The plaintiff, a passenger on a subway train owned and operated by the defendant, was seriously injured when he entered the empty motorman's cab of the car in which he was riding, stuck his head outside the window while the train was in motion, and was struck by a signal pole. The plaintiff alleged that the door to the motorman's cab had been left unlocked and open while the defendant's employee claimed that "[t]he door was definitely locked" when the train left the station.
The defendant moved for summary judgment arguing that the sole proximate cause of the accident was the plaintiff's reckless act of placing his head outside the window of a moving train. The Supreme Court granted the motion but, upon reargument, denied the motion finding, inter alia, that there was a question of fact regarding whether "it was foreseeable for a person to enter a motorman's cab and then proceed to place his head outside the window while the train was in motion". We now reverse.
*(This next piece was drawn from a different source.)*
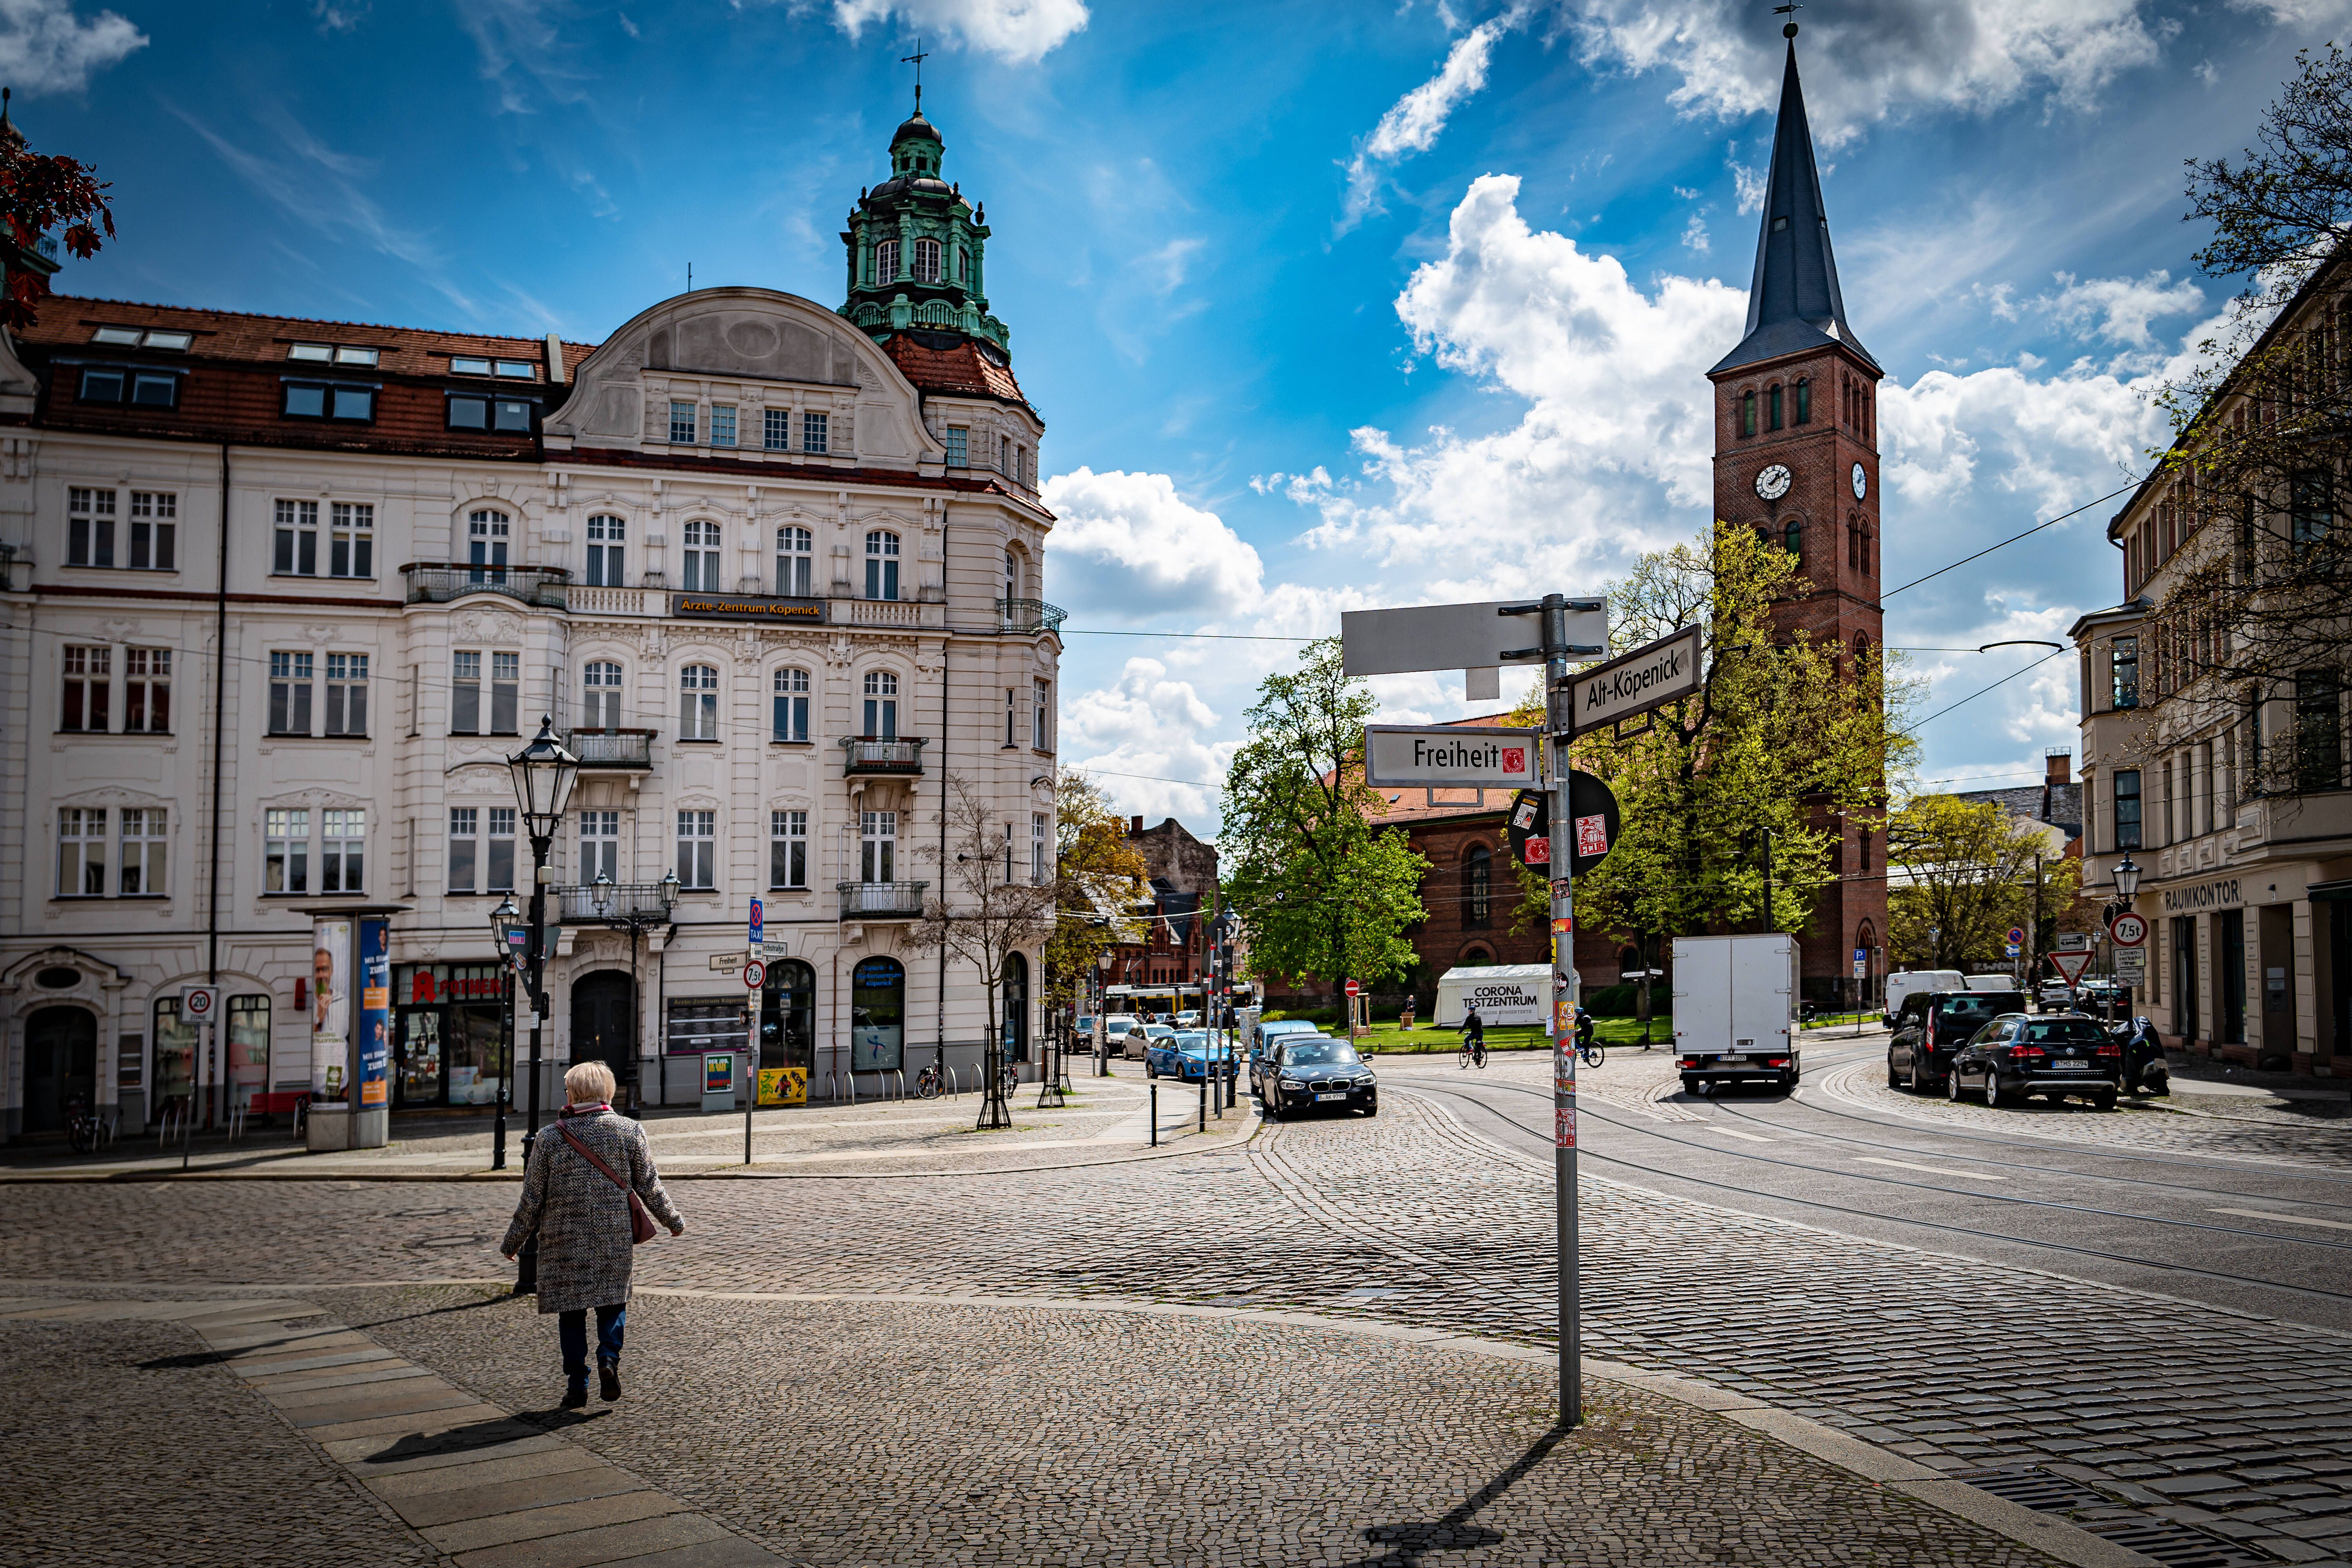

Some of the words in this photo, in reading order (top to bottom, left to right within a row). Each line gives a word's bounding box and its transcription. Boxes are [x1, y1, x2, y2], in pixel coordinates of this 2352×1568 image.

Initially, the court did not err in granting the plaintiff's motion which, although denominated as one to renew and reargue, was actually one for reargument (see, Michaelson v Scaduto, 205 A.D.2d 507; Wodecki v Carty, 167 A.D.2d 398; Pro Brokerage v Home Ins. Co., 99 A.D.2d 971).
Turning to the merits, although it is generally true that the issue of proximate cause is typically one for the trier of fact to determine, nevertheless, "[t]here are certain instances * * * where only one conclusion may be drawn from the established facts and where the question of legal cause may be decided as a matter of law" (Derdiarian v Felix Contr. Corp., 51 N.Y.2d 308, 315). The case at bar is one of these instances.
The placement of any body part outside the window of a moving train is an action so obviously fraught with danger that, by its very nature, it evinces a wanton disregard for the actor's own personal safety or well-being (see generally, Olsen v Town of Richfield, 81 N.Y.2d 1024; Lionarons v General Elec. Co., 215 A.D.2d 851). Accordingly, under the facts of this case, as a matter of law, the plaintiff's action was a superseding event which severed whatever causal connection there may have been between the occurrence of the accident and the defendant's alleged negligence (see, Derdiarian v Felix Contr. Corp., supra, at 315; Martinez v Lazaroff, 48 N.Y.2d 819; Ventricelli v Kinney Sys. Rent A Car, 45 N.Y.2d 950). Moreover, even assuming that the defendant's employees were negligent in permitting the cab door and/or the cab window to remain open, such activity "merely furnished the condition or occasion for the occurrence of the event rather than [being] one of its causes" (Sheehan v City of New York, 40 N.Y.2d 496, 503; see also, Margolin v Friedman, 43 N.Y.2d 982, 983; Stone v Williams, 64 N.Y.2d 639, 642). Balletta, J.P., Copertino and Pizzuto, JJ., concur.
An intervening act which is "extraordinary under the circumstances, not foreseeable in the normal course of events, or independent of or far removed from the defendant's conduct" may be a superseding act which breaks the causal connection between the plaintiff's injury and the defendant's alleged negligence (Derdiarian v Felix Contr. Corp., 51 N.Y.2d 308, 315; see also, Boltax v Joy Day Camp, 67 N.Y.2d 617, 619). Such issues are generally for the jury to resolve (see, Derdiarian v Felix Contr. Corp., supra). I do not agree with my colleagues that the action of the 18-year-old plaintiff in putting his head out of the window of the motorman's cab showed such a reckless disregard for his own safety that it constituted, as a matter of law, an unforeseeable superseding event which broke any causal connection between the accident and the defendant's alleged negligence in leaving open the door to the motorman's cab in the rear car (see, e.g., Amatulli v Delhi Constr. Corp., 77 N.Y.2d 525, 535; Kriz v Schum, 75 N.Y.2d 25, 36-37; cf., Olsen v Town of Richfield, 81 N.Y.2d 1024). Accordingly, I would affirm the Supreme Court's denial of the defendant's motion for summary judgment.